Feanolla is a progestogen-only-pill (POP), or a
mini-pill.
Feanolla contains a small amount of one type
of female sex hormone, the progestogen
desogestrel.
Most POPs or minipills work primarily by
preventing the sperm cells from entering the
womb but they do not always prevent the egg
cell from ripening, which is the main way that
combined pills work.
Feanolla is different from other mini-pills in having
a dose that in most cases prevents the egg cell
from ripening. As a result, Feanolla is a highly
effective contraceptive.
In contrast to the combined pill, Feanolla can be
used by women who do not tolerate oestrogens
and by women who are breast feeding.
A disadvantage is that vaginal bleeding may occur
at irregular intervals during the use of Feanolla.

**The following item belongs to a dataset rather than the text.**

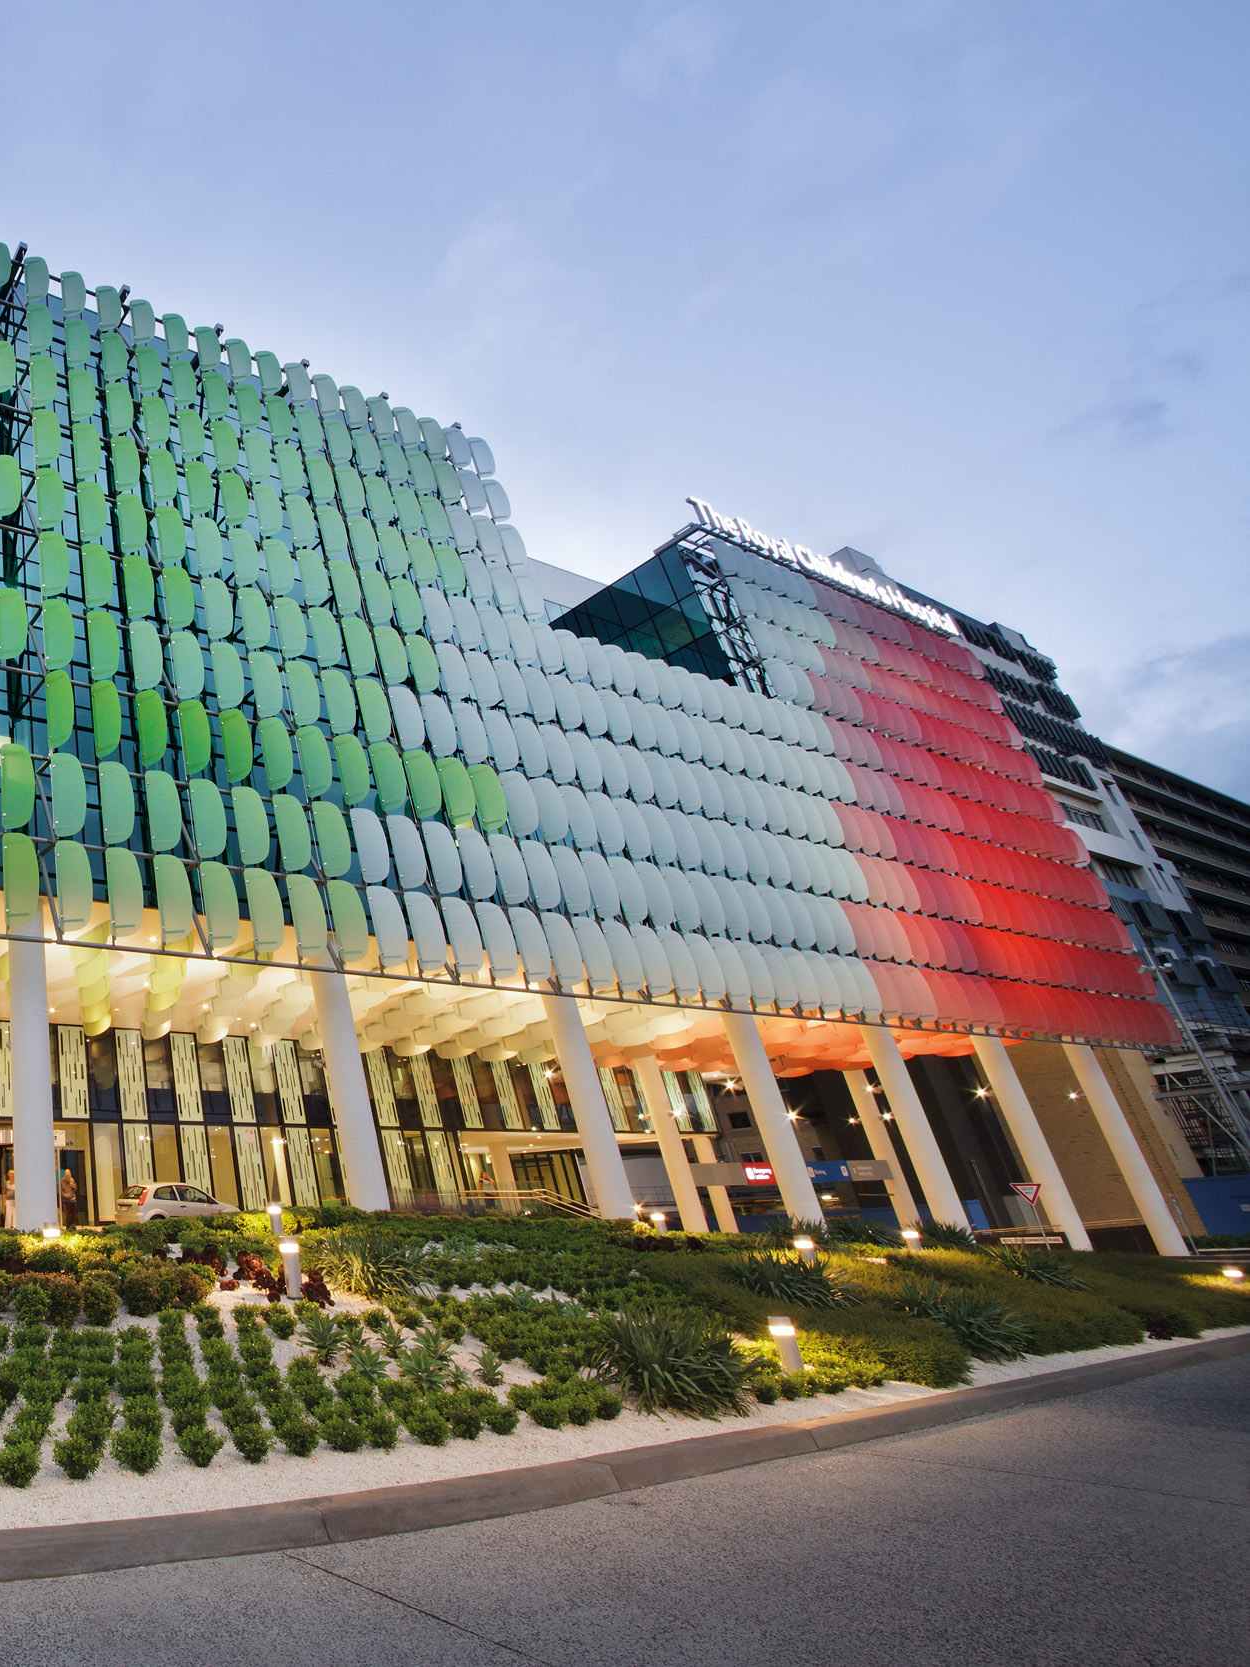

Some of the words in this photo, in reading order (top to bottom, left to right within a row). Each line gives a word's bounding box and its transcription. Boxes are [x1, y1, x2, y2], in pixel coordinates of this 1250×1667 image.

On
the other hand you may not have any bleeding at
all.

2. What you need to know before you take
Feanolla
Feanolla, like other hormonal contraceptives, does
not protect against HIV infection (AIDS) or any other
sexually transmitted disease.
Do not take Feanolla if:
• you are allergic to desogestrel or any of the other
ingredients of this medicine (listed in section 6).
• you have a thrombosis. Thrombosis is the
formation of a blood clot in a blood vessel (e.g.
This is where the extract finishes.